Brendy in Belfast wrote (727 days ago):
lucylou in belfast Agreed. Too much hate being portrayed by the politicians. It has always felt as though this place is run by children trying to one up eachother. Your also right about the 'divide'. I have friends and relatives married to different religions. I have always said that i'm more likely to be attacked by drunkin people from my own area than being a sectarian victim. You read through some of these comments and the hatred is unreal. Chill out, I always think of Johnny Adair saying if he was born on the falls he'd be fighting on the other side. Its all a fight over geography.
lucylou in belfast wrote (728 days ago):
BRENDY IN BELFAST I certainly wouldnt want to suggest that people with no strong religious affiliation would be more likely to riot.just that those who do riot sometimes pin their star to their perceived religion and in reality practice none.As for Ian Paisley he is and always was someone I personally would NEVER have voted for were he the last person standing.I feel that politics like that should never be aligned with any religion. The saddest thing to my mind is we still talk in terms such as either side of the divide or another which we hear all too often 'their side' or 'our side'.I think we are 'singing of the same hymn sheet!' no pun intended. roll on the day when there are NO 'sides'. I have no grieviences with my r catholic friends some of whom would love to see Ireland united.I simply respect their views.I personally could not care less what flag flies [or when] I just want people to be able to live in peace with each other in a society where everyone can do the best for their children.Unfortunately many of our politicans can only look back and when they do that they cannot see the way forward.

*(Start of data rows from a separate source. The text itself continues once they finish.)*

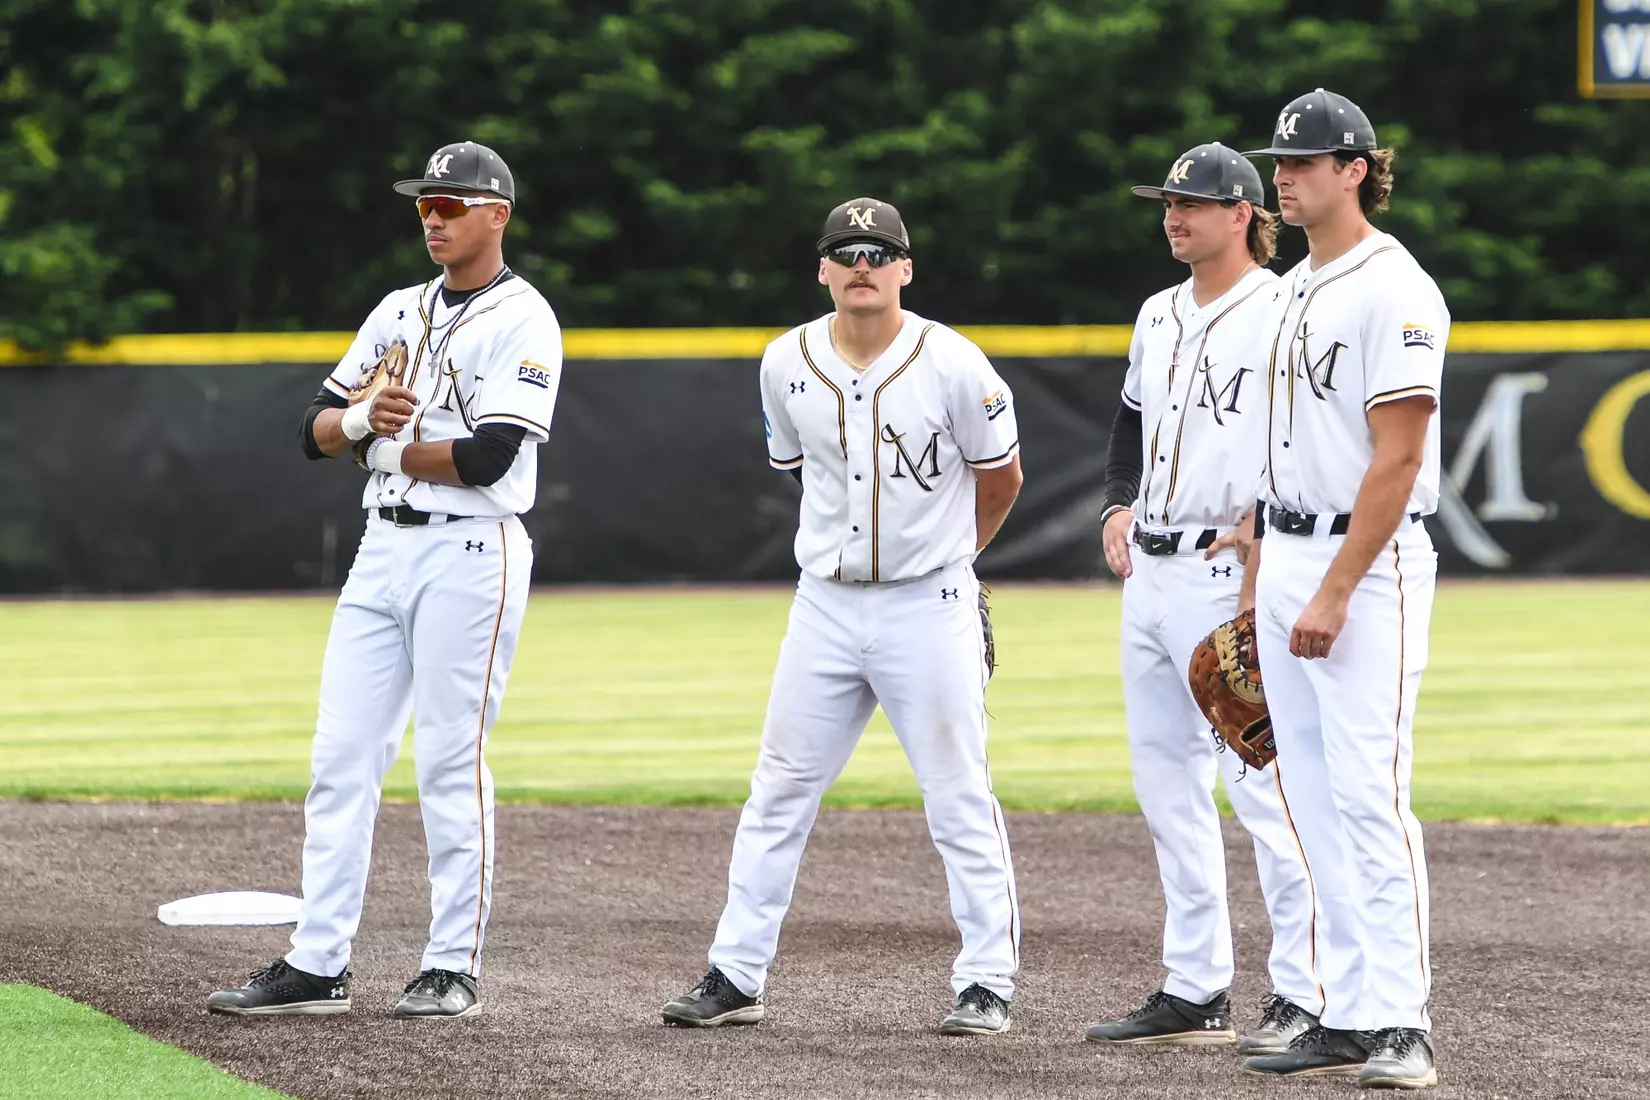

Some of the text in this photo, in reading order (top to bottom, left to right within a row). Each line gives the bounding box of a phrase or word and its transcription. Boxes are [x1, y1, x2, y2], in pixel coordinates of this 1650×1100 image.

[1277, 112, 1301, 140] M
[1169, 159, 1194, 184] M
[847, 206, 877, 231] M
[1403, 330, 1434, 345] PSAC
[1297, 321, 1348, 401] M
[518, 366, 550, 384] PSAC
[1197, 355, 1253, 426] M
[984, 393, 1006, 415] PSAC
[881, 423, 942, 491] M
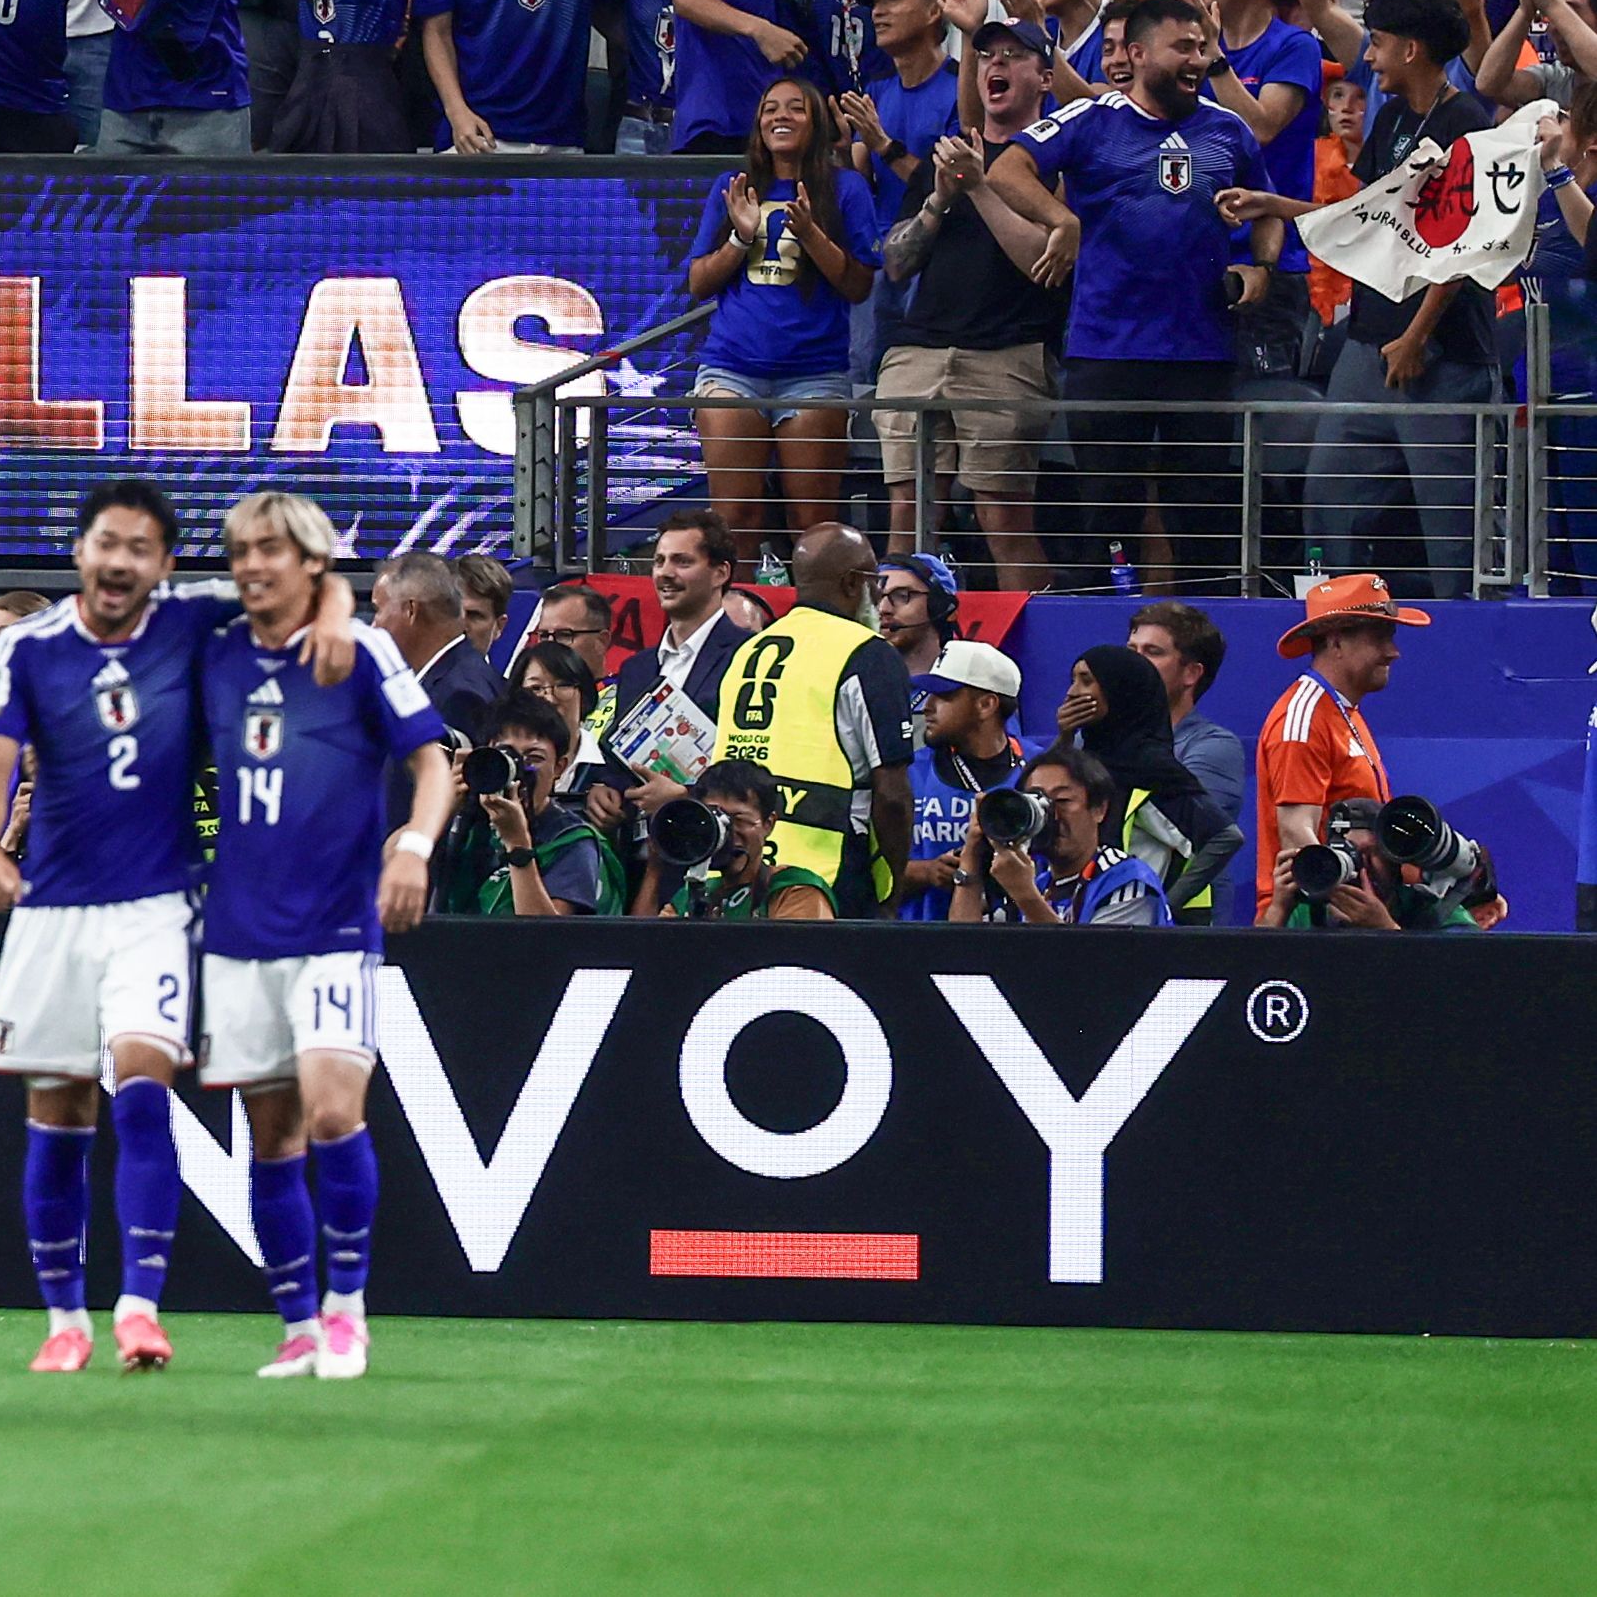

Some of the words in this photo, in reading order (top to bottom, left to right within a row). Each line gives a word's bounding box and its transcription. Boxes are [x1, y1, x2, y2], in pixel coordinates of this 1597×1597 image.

[759, 264, 783, 277] FIFA
[108, 733, 142, 791] 2
[725, 744, 769, 761] 2026
[236, 766, 285, 826] 14
[158, 973, 180, 1023] 2
[311, 985, 352, 1032] 14
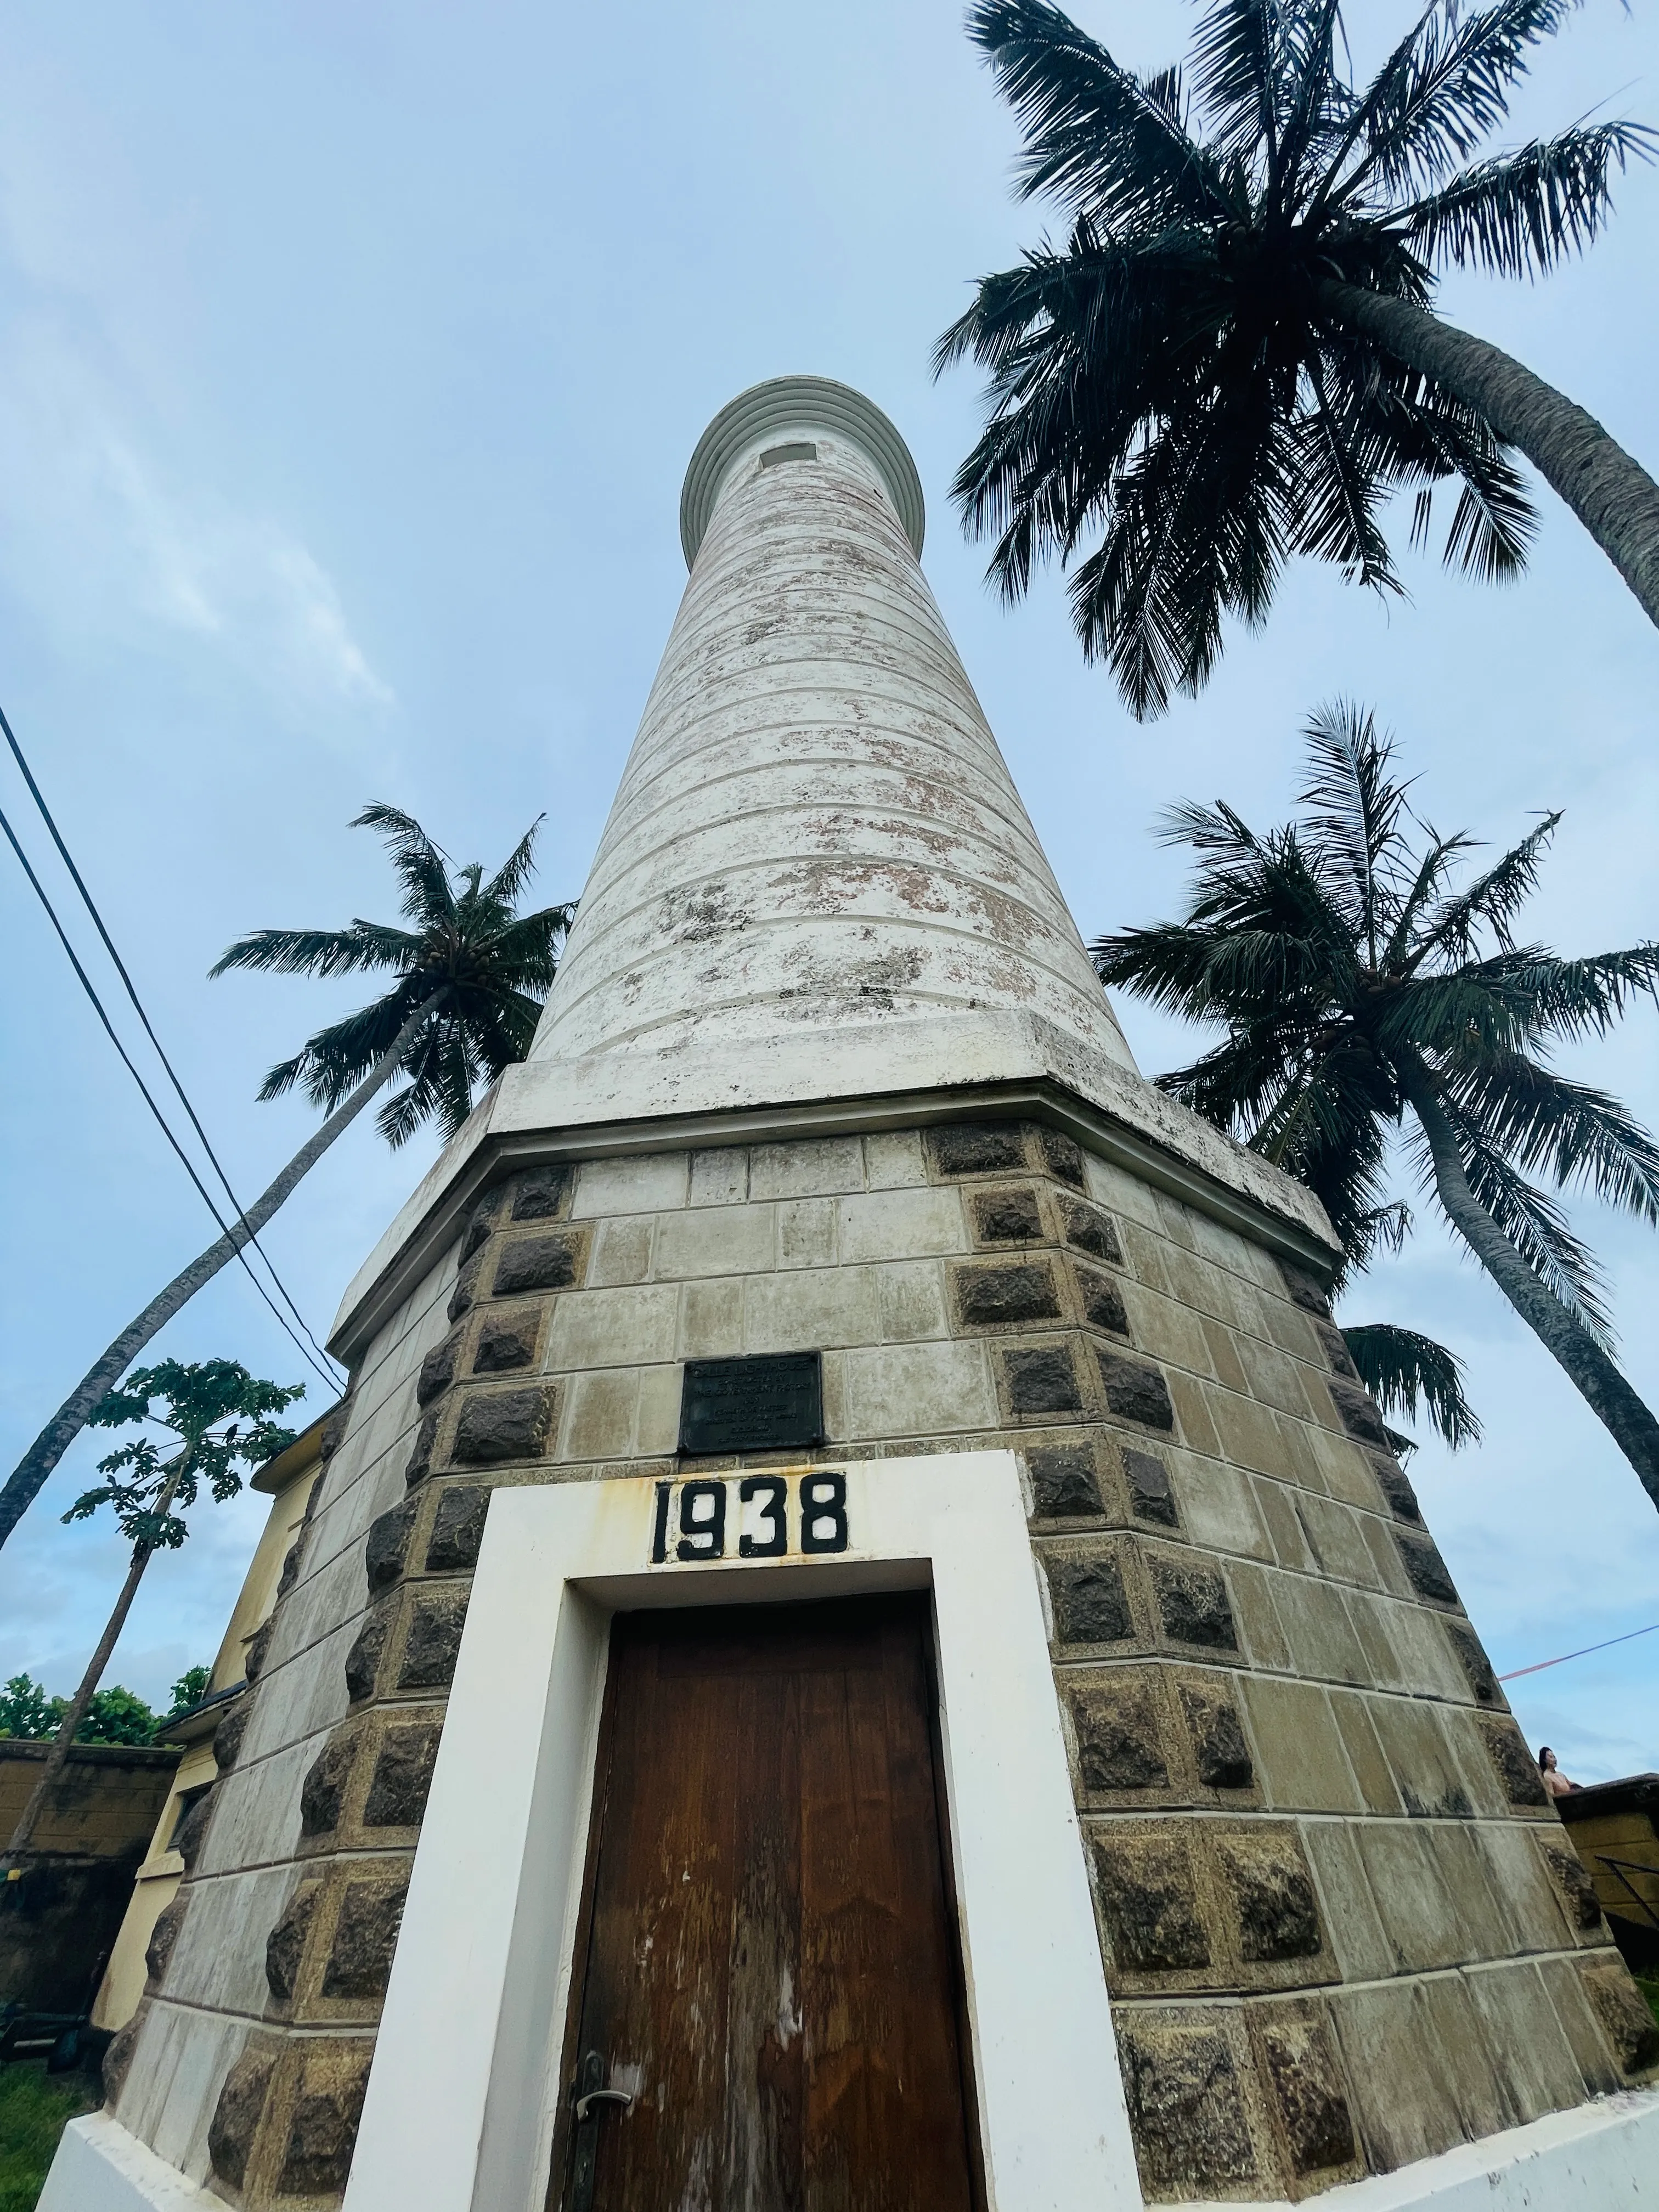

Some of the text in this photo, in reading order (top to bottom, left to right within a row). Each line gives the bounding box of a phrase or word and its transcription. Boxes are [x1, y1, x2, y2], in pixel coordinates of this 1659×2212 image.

[734, 1360, 810, 1376] LIGHTHOUSE
[776, 1373, 786, 1382] BY
[715, 1385, 774, 1397] GOVERNMENT
[653, 1472, 848, 1564] 1938

Aghast! in Antrim wrote (728 days ago):
@Eamo again. Nothing I wrote was to put you down as you will see if you read it again. I'm afraid you displayed a wee bit of a complex there. With regard to the flag you are under, you say it is for the PUL community as well. The orange part of it is supposed to represent the PUL community, that's true. But I have to say that when it is used as a straight middle finger at that community you are only defeating your dream of a united Ireland. Perhaps you would like to use your vast knowledge of Irish history to enlighten a simple-looking unionist such as I as to how that equates to the ideology of the Easter rebels? The peace process was supposed to give equal respect to both traditions but instead we have a situation where Sinn Fein and it's supporters are waging a cold war on the very identity of the PUL community in direct contradiction of the Belfast Agreement. My last word on this is if you really desire a united Ireland of equals then you need to re-evaluate your whole approach to the PUL people. Drop the comtempt, forget the premature triumphalism and realise that our people are every bit as Irish as you believe yourself to be. The Unionist statelet, as you refer to it, of unionist oppression (which many PUL disagreed with) is history and you need to build a bridge and get over it. Good luck.
Linda in NI wrote (728 days ago):
MMMMMMMM history & educational abilities are being questioned here unfortunately all too many people seem to conveniently overlook the fact that paramilitaries on each side did as much damage against their own communities as they did to the 'other side' but most people only want to remember what wrong was done to their community. Then again for some the only education needed is a paramilitary past especially to get into govt and those who regard themselves as politicians only give the 70grand jobs to their party members rather than unemployed Catholics who are most likely better qualified. So who's discriminating against Catholics now?